- Work to be completed
Transcribe every record without leaving anything out or changing a word.

───── Entries provided

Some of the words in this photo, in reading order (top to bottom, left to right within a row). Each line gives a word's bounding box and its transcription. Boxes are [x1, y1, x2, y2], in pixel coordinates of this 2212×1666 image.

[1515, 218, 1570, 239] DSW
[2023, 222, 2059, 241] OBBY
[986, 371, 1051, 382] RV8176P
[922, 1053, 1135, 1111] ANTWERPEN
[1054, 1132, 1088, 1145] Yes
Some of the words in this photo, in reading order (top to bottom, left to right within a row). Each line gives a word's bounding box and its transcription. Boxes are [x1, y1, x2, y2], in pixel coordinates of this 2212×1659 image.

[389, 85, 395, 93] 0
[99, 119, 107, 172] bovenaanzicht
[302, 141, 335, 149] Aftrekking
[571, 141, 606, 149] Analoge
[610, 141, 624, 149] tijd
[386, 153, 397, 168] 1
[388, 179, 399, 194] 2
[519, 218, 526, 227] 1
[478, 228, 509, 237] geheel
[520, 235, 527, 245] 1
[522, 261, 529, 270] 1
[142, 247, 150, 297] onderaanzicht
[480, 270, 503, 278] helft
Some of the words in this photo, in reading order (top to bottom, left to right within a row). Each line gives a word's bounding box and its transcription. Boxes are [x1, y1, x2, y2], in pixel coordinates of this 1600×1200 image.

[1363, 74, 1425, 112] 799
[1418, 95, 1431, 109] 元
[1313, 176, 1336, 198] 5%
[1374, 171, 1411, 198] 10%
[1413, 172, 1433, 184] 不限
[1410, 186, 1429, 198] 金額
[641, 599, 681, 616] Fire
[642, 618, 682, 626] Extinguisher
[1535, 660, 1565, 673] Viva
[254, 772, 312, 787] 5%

──────────

- Solved exercise
Some of the words in this photo, in reading order (top to bottom, left to right within a row). Each line gives a word's bounding box and its transcription. Boxes are [x1, y1, x2, y2], in pixel coordinates of this 2212×1666 image.

[1515, 218, 1570, 239] DSW
[2023, 222, 2059, 241] OBBY
[986, 371, 1051, 382] RV8176P
[922, 1053, 1135, 1111] ANTWERPEN
[1054, 1132, 1088, 1145] Yes
Some of the words in this photo, in reading order (top to bottom, left to right within a row). Each line gives a word's bounding box and its transcription. Boxes are [x1, y1, x2, y2], in pixel coordinates of this 2212×1659 image.

[389, 85, 395, 93] 0
[99, 119, 107, 172] bovenaanzicht
[302, 141, 335, 149] Aftrekking
[571, 141, 606, 149] Analoge
[610, 141, 624, 149] tijd
[386, 153, 397, 168] 1
[388, 179, 399, 194] 2
[519, 218, 526, 227] 1
[478, 228, 509, 237] geheel
[520, 235, 527, 245] 1
[522, 261, 529, 270] 1
[142, 247, 150, 297] onderaanzicht
[480, 270, 503, 278] helft
Some of the words in this photo, in reading order (top to bottom, left to right within a row). Each line gives a word's bounding box and its transcription. Boxes are [x1, y1, x2, y2], in pixel coordinates of this 1600×1200 image.

[1363, 74, 1425, 112] 799
[1418, 95, 1431, 109] 元
[1313, 176, 1336, 198] 5%
[1374, 171, 1411, 198] 10%
[1413, 172, 1433, 184] 不限
[1410, 186, 1429, 198] 金額
[641, 599, 681, 616] Fire
[642, 618, 682, 626] Extinguisher
[1535, 660, 1565, 673] Viva
[254, 772, 312, 787] 5%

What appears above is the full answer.